Influence of Rex and intronic sequences on expression of spliced mRNAs produced by human T cell leukemia virus type I.

Expression of the incompletely spliced HTLV-I mRNAs relies on the viral posttranscriptional activator Rex, whose interaction with the Rex-responsive element (RXRE) overcomes effects of cis-acting repressive sequences (CRSs). Studies based on heterologous reporter plasmids identified an intronic CRS in the 5' LTR and a CRS that overlaps with the RXRE. The present study investigated the effects of these elements in the context of spliced viral mRNAs encoding p21Rex (mRNA 1-3), Tax/Rex (mRNA 1-2-3), and Tof (mRNA 1-2-B).
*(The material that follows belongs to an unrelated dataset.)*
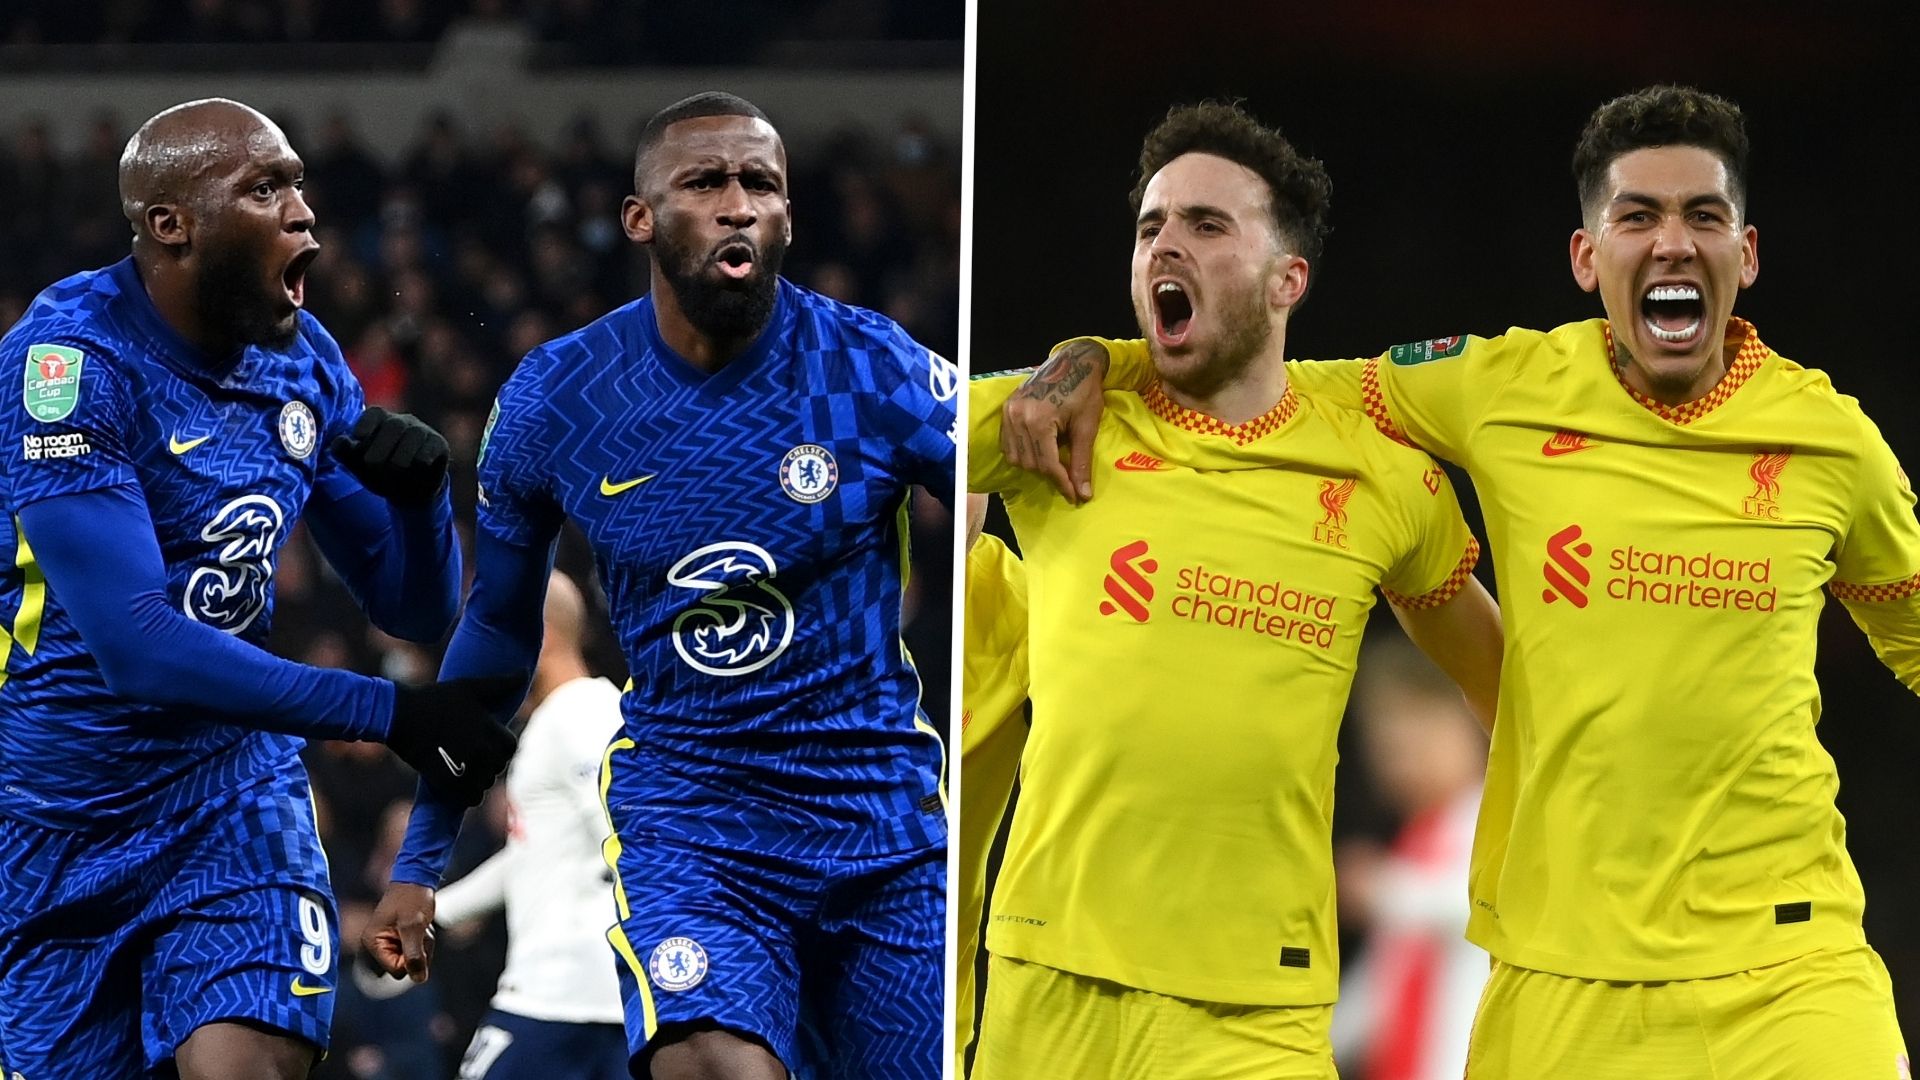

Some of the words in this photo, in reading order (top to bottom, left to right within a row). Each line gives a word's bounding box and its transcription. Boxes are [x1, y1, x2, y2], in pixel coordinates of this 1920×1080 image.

All three mRNAs were inefficiently expressed when transcribed in their mature intronless form, with the p21Rex mRNA showing the weakest expression. In contrast, efficient expression of p21Rex was obtained from a plasmid containing the 5' LTR and 3' portion of the genome that encoded a spliceable RNA. The defective expression of the intronless mRNAs reflected the inhibitory activity of the RXRE and the lack of 5' intronic sequences. Insertion of an intronic 5' LTR segment located upstream of the 5' CRS overcame Rex dependence conferred by the RXRE. The activity of this segment was mapped to the major splice donor and sequences overlapping with, but functionally distinct from, a previously described transcriptional enhancer. The three mRNAs responded differently to Rex and to insertion of the constitutive transport element of simian retrovirus type 1. Taken together, these results suggest that expression of the spliced mRNAs is controlled by the relative influence of positive and negative sequences present on the primary transcript as well as the Rex-RXRE interaction.